I discovered the game some many months ago...Looking for visual novels to play. I'm a fan of the genre. I read up on this odd game seeming focused on the crippled...Interesting if potentially tasteless premise. It drifted from my mind until recently when I remembered it and decided to play it...
I downloaded it. Then promptly ignored it.
Eventually, I did begin playing...The first thing I noticed was an option to disable adult content. I recently did so for just a moment to see what effect it had...If alternate scenes were used or something. No such thing...Just some really ridiculous pictures over the content in question. Got a raised eyebrow and a chuckle out of me.
That experiment done, I reset my game and kept the content enabled for a few reasons:
A) That content was not obligatory. It was put in by choice. To disable it would be to tear out chunks of the intended experience.
B) No such options exist in other games with adult content. It seemed to me the option only existed because this content was focused on the crippled. To disable it seemed offensive: "I'd watch if it were normal people, but I don't want to see gross cripples."...Merely my perception, of course.
C) The pics chosen to censor it were really ridiculous. XD
D) Curiosity as to how the...Activities...Would be affected by the various conditions of the characters.
Anyway, content enabled, I set off intent on no particular path, just getting a feel for the game...Not long after, I found myself exasperated by Misha and convinced Kenji was out of his freaking mind (hilarious though)...Then he and I got wasted on the roof and I died. It was depressing. First try: DEATH. Not even a "game over", just a fade to blood red. I stared a few minutes in dejection...Then tried a new game.
This time, I planned to go for Hanako's path, on account of I have a thing for those timid sorts...Protectiveness and all. The burn scars reminded me of someone as well...However, having no clue what choices lead where, I ended up inadvertently detouring down Emi's path...Which was fine.
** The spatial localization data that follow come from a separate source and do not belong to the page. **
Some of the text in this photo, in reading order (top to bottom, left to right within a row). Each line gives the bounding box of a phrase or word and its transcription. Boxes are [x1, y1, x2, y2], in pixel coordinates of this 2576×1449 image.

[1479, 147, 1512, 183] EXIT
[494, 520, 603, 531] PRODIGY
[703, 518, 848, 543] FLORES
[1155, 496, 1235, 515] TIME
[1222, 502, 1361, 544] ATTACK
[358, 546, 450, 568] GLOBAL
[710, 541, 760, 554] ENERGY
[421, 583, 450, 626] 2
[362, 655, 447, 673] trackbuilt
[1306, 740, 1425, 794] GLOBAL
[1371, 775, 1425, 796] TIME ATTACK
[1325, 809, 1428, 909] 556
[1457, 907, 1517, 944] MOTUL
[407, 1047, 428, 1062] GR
She's good company. Got the bad end...It was, again, depressing. I immediately replayed for the good end.
Today, I figured out (after NUMEROUS death-on-the-roof ends) how to branch off into Hanako's path...Got the bad first (deliberately this time) and was...Very shaken. Replayed for the good but still see some missing scenes in the library...I'll get them eventually. Upon finishing the good end, I shut the game down and looked up this forum.
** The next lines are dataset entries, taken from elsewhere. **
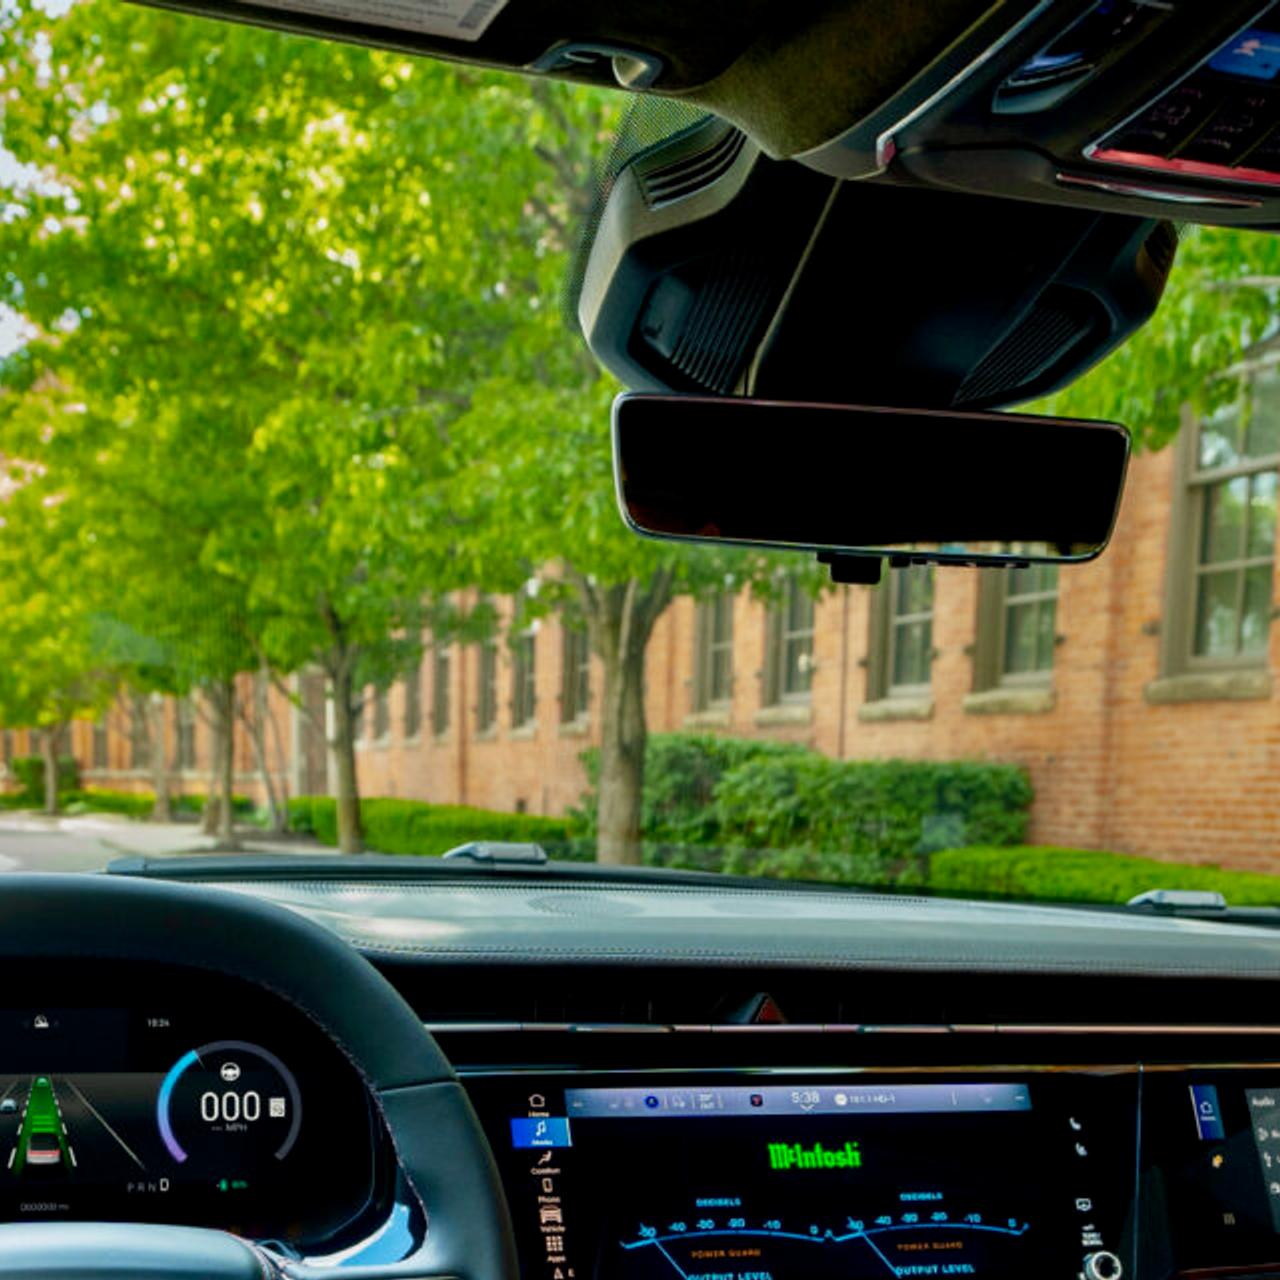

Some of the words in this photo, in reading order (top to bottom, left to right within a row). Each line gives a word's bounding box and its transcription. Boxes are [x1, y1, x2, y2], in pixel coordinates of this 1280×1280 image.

[201, 1091, 261, 1122] 000
[1252, 1096, 1275, 1106] Audio
[768, 1142, 862, 1169] McIntosh
[160, 1178, 169, 1191] D
[695, 1198, 742, 1208] DECIBELS
[547, 1254, 566, 1264] Apps
[896, 1264, 938, 1276] OUTPUT
[941, 1264, 975, 1274] LEVEL
[737, 1272, 773, 1280] LEVEL
Somewhere in between Emi's bad route and rousing from my dejection to replay the game...I turned inward to my thoughts as I am wont to do, being an introvert and all...And the following thoughts came to me after some rather deep introspection. I wrote them down to remember...They sounded important...They sounded like a resolution, or a realization, or closure...Something that I have been oblivious to...That I never thought about enough to know...But that I desperately needed to learn about myself, to leave behind my demons...I don't know why I am compelled to repost it all here but...I simply have to share:
"Been playing a lot of Katawa Shoujo. First ending, I ended up dead…Second didn’t go much better, thanks to that stubborn legless chick. The music’s very relaxing…The sort of pleasant, soothing music that gets me thinking too much. So I turned inward for a while to be alone with my thoughts.
And I think I figured something out. I’ve always enjoyed games like this…Though most would hesitate to call them games. They forgo the action, the gameplay, the complex fictions and all that other game-like stuff to focus on characters…I like that. I like characters. There’s something…Bleak…About my enjoyment. I get very much too into things, too emotionally affected by what should be irrelevant fictional matters. I suffer more effect than the best-written tale should ever have upon a person. It’s just scripted text in the end. But…I know why it has this affect. I can drink every morning then run the buzz off until I’m pouring sweat but running from problems never solves them and I am a far stronger man than that. I have to face the depressing fact head-on. And this is the fact: I’m living vicariously through such things. Because I know no other way.
I was diagnosed with autism early in life. Cerebral palsy too. The autism was high-functioning but…It still showed its symptoms. I never found socializing easy…The palsy didn’t help, forcing exclusion from overly-physical activities. The cruelty of my able-bodied peers was the worst, naturally.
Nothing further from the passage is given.